Records from a data collection
*** Begin section ***
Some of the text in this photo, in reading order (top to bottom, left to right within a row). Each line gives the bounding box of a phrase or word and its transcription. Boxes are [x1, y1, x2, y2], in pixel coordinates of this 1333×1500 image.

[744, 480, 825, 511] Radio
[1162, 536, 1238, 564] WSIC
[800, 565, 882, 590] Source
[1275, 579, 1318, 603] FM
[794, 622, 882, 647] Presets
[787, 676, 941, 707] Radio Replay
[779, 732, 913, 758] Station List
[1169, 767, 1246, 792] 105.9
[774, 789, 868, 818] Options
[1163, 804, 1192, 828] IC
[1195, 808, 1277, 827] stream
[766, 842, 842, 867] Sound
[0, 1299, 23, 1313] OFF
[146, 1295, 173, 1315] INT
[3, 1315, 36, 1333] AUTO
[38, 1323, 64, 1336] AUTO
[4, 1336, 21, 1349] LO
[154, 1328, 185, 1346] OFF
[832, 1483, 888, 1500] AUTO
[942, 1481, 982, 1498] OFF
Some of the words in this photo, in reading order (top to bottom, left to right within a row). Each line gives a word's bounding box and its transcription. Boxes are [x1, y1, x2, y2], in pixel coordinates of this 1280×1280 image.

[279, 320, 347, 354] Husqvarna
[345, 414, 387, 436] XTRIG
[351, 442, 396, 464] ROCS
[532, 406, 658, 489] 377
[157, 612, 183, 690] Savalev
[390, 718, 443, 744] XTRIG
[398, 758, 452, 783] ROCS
*** End section ***
(Task to complete):
Each record above must be restated in full, word for word.

(Result of this exercise):
Some of the text in this photo, in reading order (top to bottom, left to right within a row). Each line gives the bounding box of a phrase or word and its transcription. Boxes are [x1, y1, x2, y2], in pixel coordinates of this 1333×1500 image.

[744, 480, 825, 511] Radio
[1162, 536, 1238, 564] WSIC
[800, 565, 882, 590] Source
[1275, 579, 1318, 603] FM
[794, 622, 882, 647] Presets
[787, 676, 941, 707] Radio Replay
[779, 732, 913, 758] Station List
[1169, 767, 1246, 792] 105.9
[774, 789, 868, 818] Options
[1163, 804, 1192, 828] IC
[1195, 808, 1277, 827] stream
[766, 842, 842, 867] Sound
[0, 1299, 23, 1313] OFF
[146, 1295, 173, 1315] INT
[3, 1315, 36, 1333] AUTO
[38, 1323, 64, 1336] AUTO
[4, 1336, 21, 1349] LO
[154, 1328, 185, 1346] OFF
[832, 1483, 888, 1500] AUTO
[942, 1481, 982, 1498] OFF
Some of the words in this photo, in reading order (top to bottom, left to right within a row). Each line gives a word's bounding box and its transcription. Boxes are [x1, y1, x2, y2], in pixel coordinates of this 1280×1280 image.

[279, 320, 347, 354] Husqvarna
[345, 414, 387, 436] XTRIG
[351, 442, 396, 464] ROCS
[532, 406, 658, 489] 377
[157, 612, 183, 690] Savalev
[390, 718, 443, 744] XTRIG
[398, 758, 452, 783] ROCS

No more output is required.